Your task » All entries are to be quoted exactly; the images stay out of the copy.
=-=-=-=-=
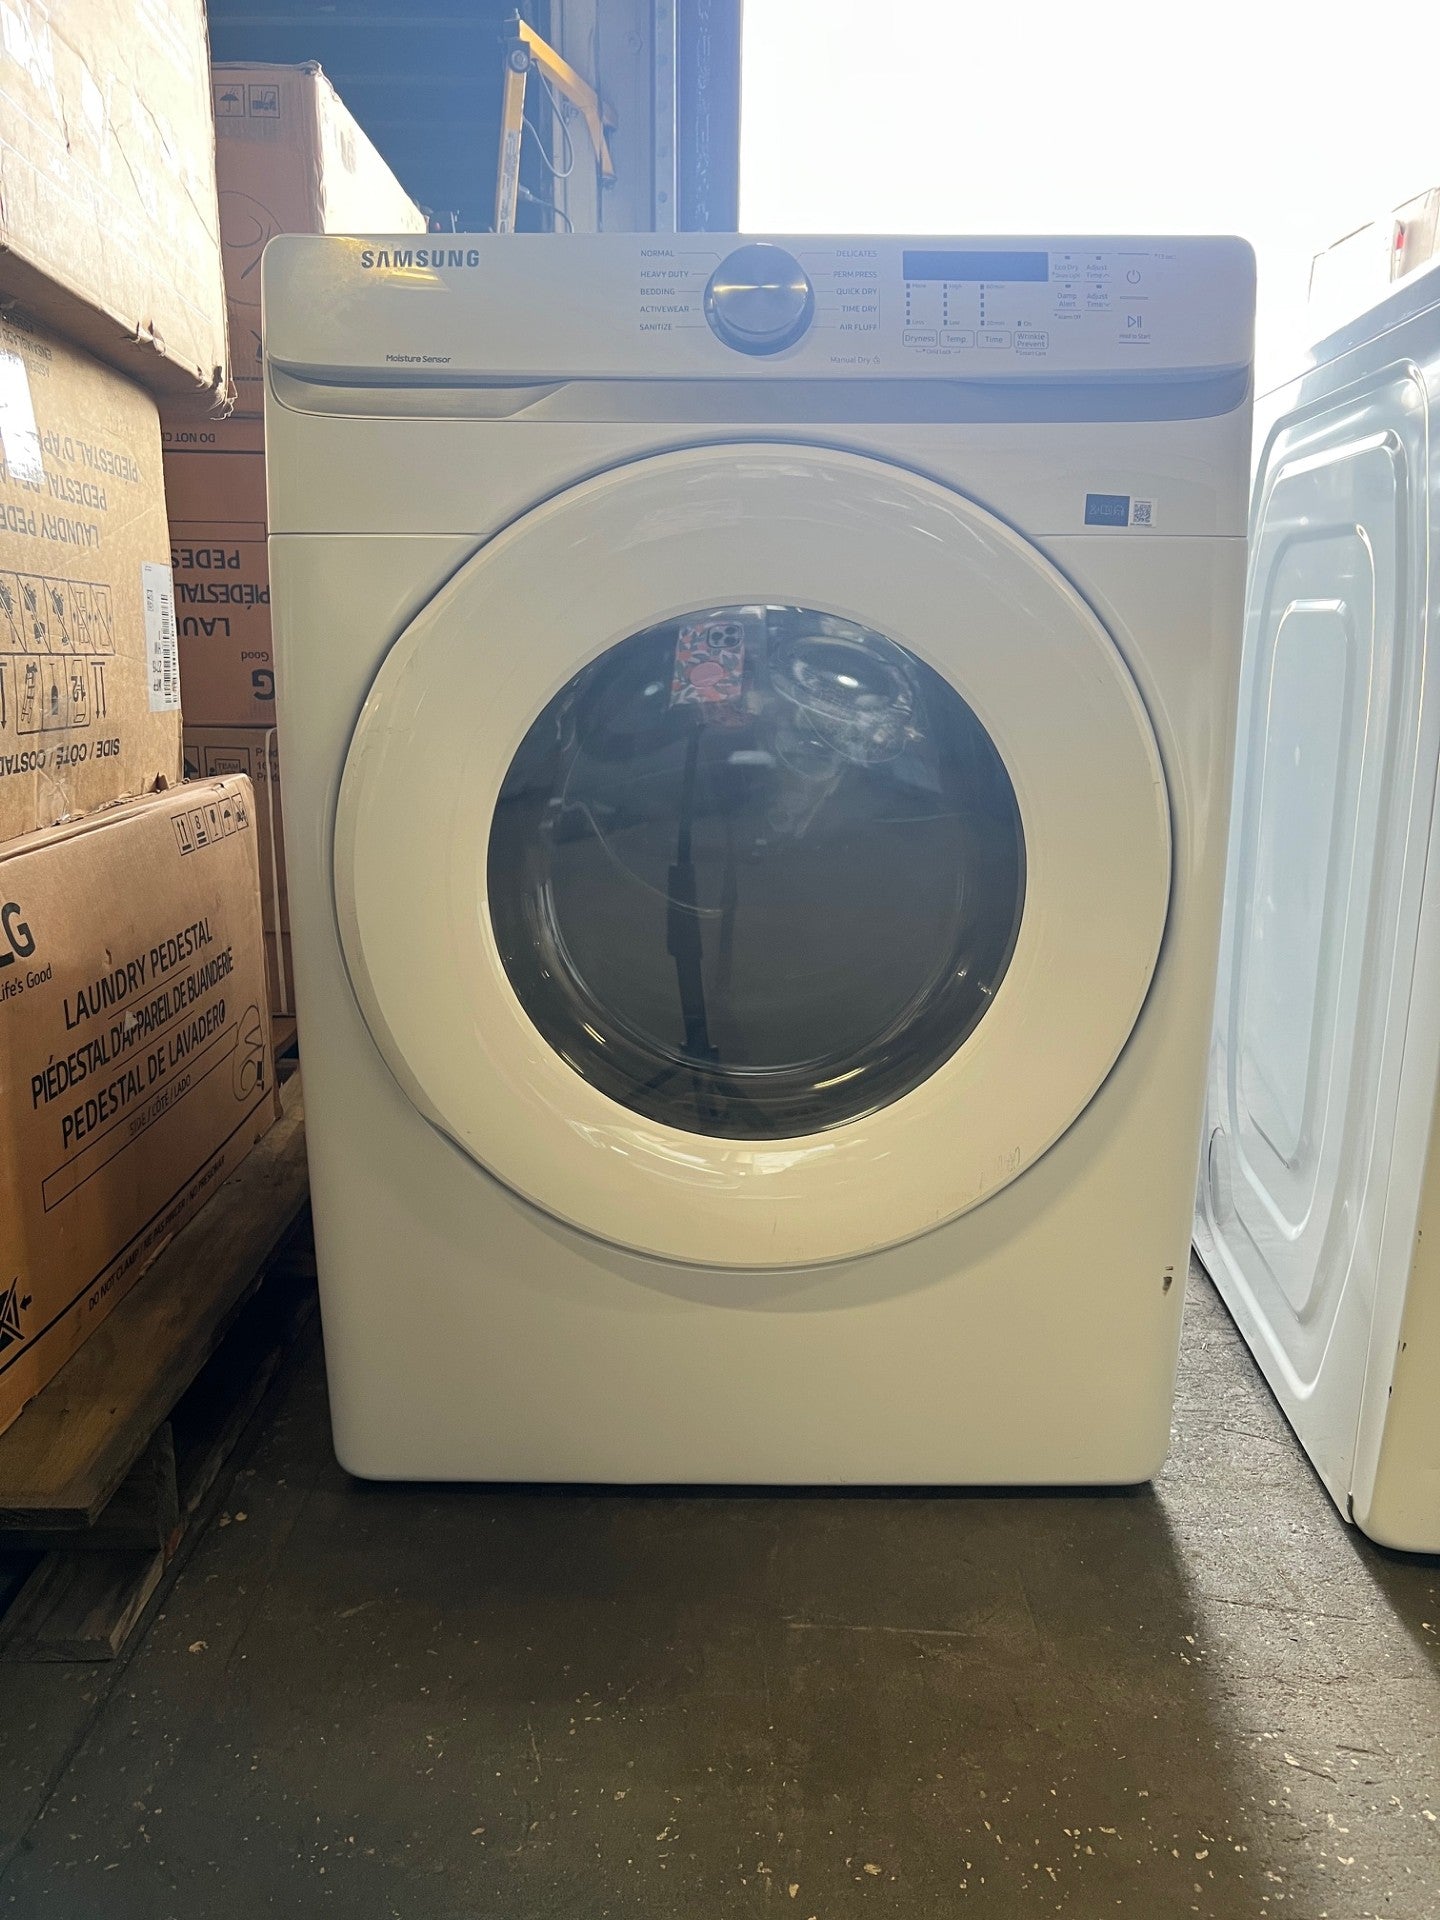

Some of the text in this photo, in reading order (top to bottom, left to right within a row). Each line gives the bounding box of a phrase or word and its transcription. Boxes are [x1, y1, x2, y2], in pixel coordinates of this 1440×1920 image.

[361, 249, 480, 268] SAMSUNG
[640, 249, 675, 257] NORMAL
[835, 250, 878, 258] DELICATES
[640, 270, 689, 279] HEAVY DUTY
[833, 271, 878, 279] PERM PRESS
[640, 288, 676, 296] BEDDING
[836, 288, 878, 296] QUICK DRY
[639, 305, 690, 313] ACTIVEWEAR
[842, 305, 878, 313] TIME DRY
[639, 323, 673, 331] SANITIZE
[904, 335, 936, 344] Dryness
[1017, 332, 1046, 340] Wrinkle
[1017, 340, 1046, 348] Prevent
[385, 353, 451, 364] Moisture Sensor
[830, 356, 871, 366] Manual Dry
[175, 432, 198, 444] NOT
[198, 432, 216, 444] DO
[40, 509, 100, 549] LAUNDRY
[240, 651, 270, 662] Good
[251, 668, 276, 701] G
[96, 737, 120, 759] SIDE
[56, 742, 87, 770] CÔTÉ
[26, 962, 53, 989] Good
[63, 916, 213, 1030] LAUNDRY PEDESTAL
[31, 1037, 111, 1109] PIÉDESTAL
[173, 983, 188, 1012] DE
[187, 946, 234, 1003] BUANDERIE
[61, 1069, 145, 1149] PEDESTAL
[147, 1046, 166, 1083] DE
[168, 998, 226, 1066] LAVADERO
[129, 1111, 147, 1137] SIDE
[173, 1073, 191, 1098] LADO
[88, 1292, 99, 1311] DO
[100, 1275, 116, 1297] NOT
[116, 1249, 139, 1279] CLAMP
=-=-=-=-=
Solution to the exercise »
Some of the text in this photo, in reading order (top to bottom, left to right within a row). Each line gives the bounding box of a phrase or word and its transcription. Boxes are [x1, y1, x2, y2], in pixel coordinates of this 1440×1920 image.

[361, 249, 480, 268] SAMSUNG
[640, 249, 675, 257] NORMAL
[835, 250, 878, 258] DELICATES
[640, 270, 689, 279] HEAVY DUTY
[833, 271, 878, 279] PERM PRESS
[640, 288, 676, 296] BEDDING
[836, 288, 878, 296] QUICK DRY
[639, 305, 690, 313] ACTIVEWEAR
[842, 305, 878, 313] TIME DRY
[639, 323, 673, 331] SANITIZE
[904, 335, 936, 344] Dryness
[1017, 332, 1046, 340] Wrinkle
[1017, 340, 1046, 348] Prevent
[385, 353, 451, 364] Moisture Sensor
[830, 356, 871, 366] Manual Dry
[175, 432, 198, 444] NOT
[198, 432, 216, 444] DO
[40, 509, 100, 549] LAUNDRY
[240, 651, 270, 662] Good
[251, 668, 276, 701] G
[96, 737, 120, 759] SIDE
[56, 742, 87, 770] CÔTÉ
[26, 962, 53, 989] Good
[63, 916, 213, 1030] LAUNDRY PEDESTAL
[31, 1037, 111, 1109] PIÉDESTAL
[173, 983, 188, 1012] DE
[187, 946, 234, 1003] BUANDERIE
[61, 1069, 145, 1149] PEDESTAL
[147, 1046, 166, 1083] DE
[168, 998, 226, 1066] LAVADERO
[129, 1111, 147, 1137] SIDE
[173, 1073, 191, 1098] LADO
[88, 1292, 99, 1311] DO
[100, 1275, 116, 1297] NOT
[116, 1249, 139, 1279] CLAMP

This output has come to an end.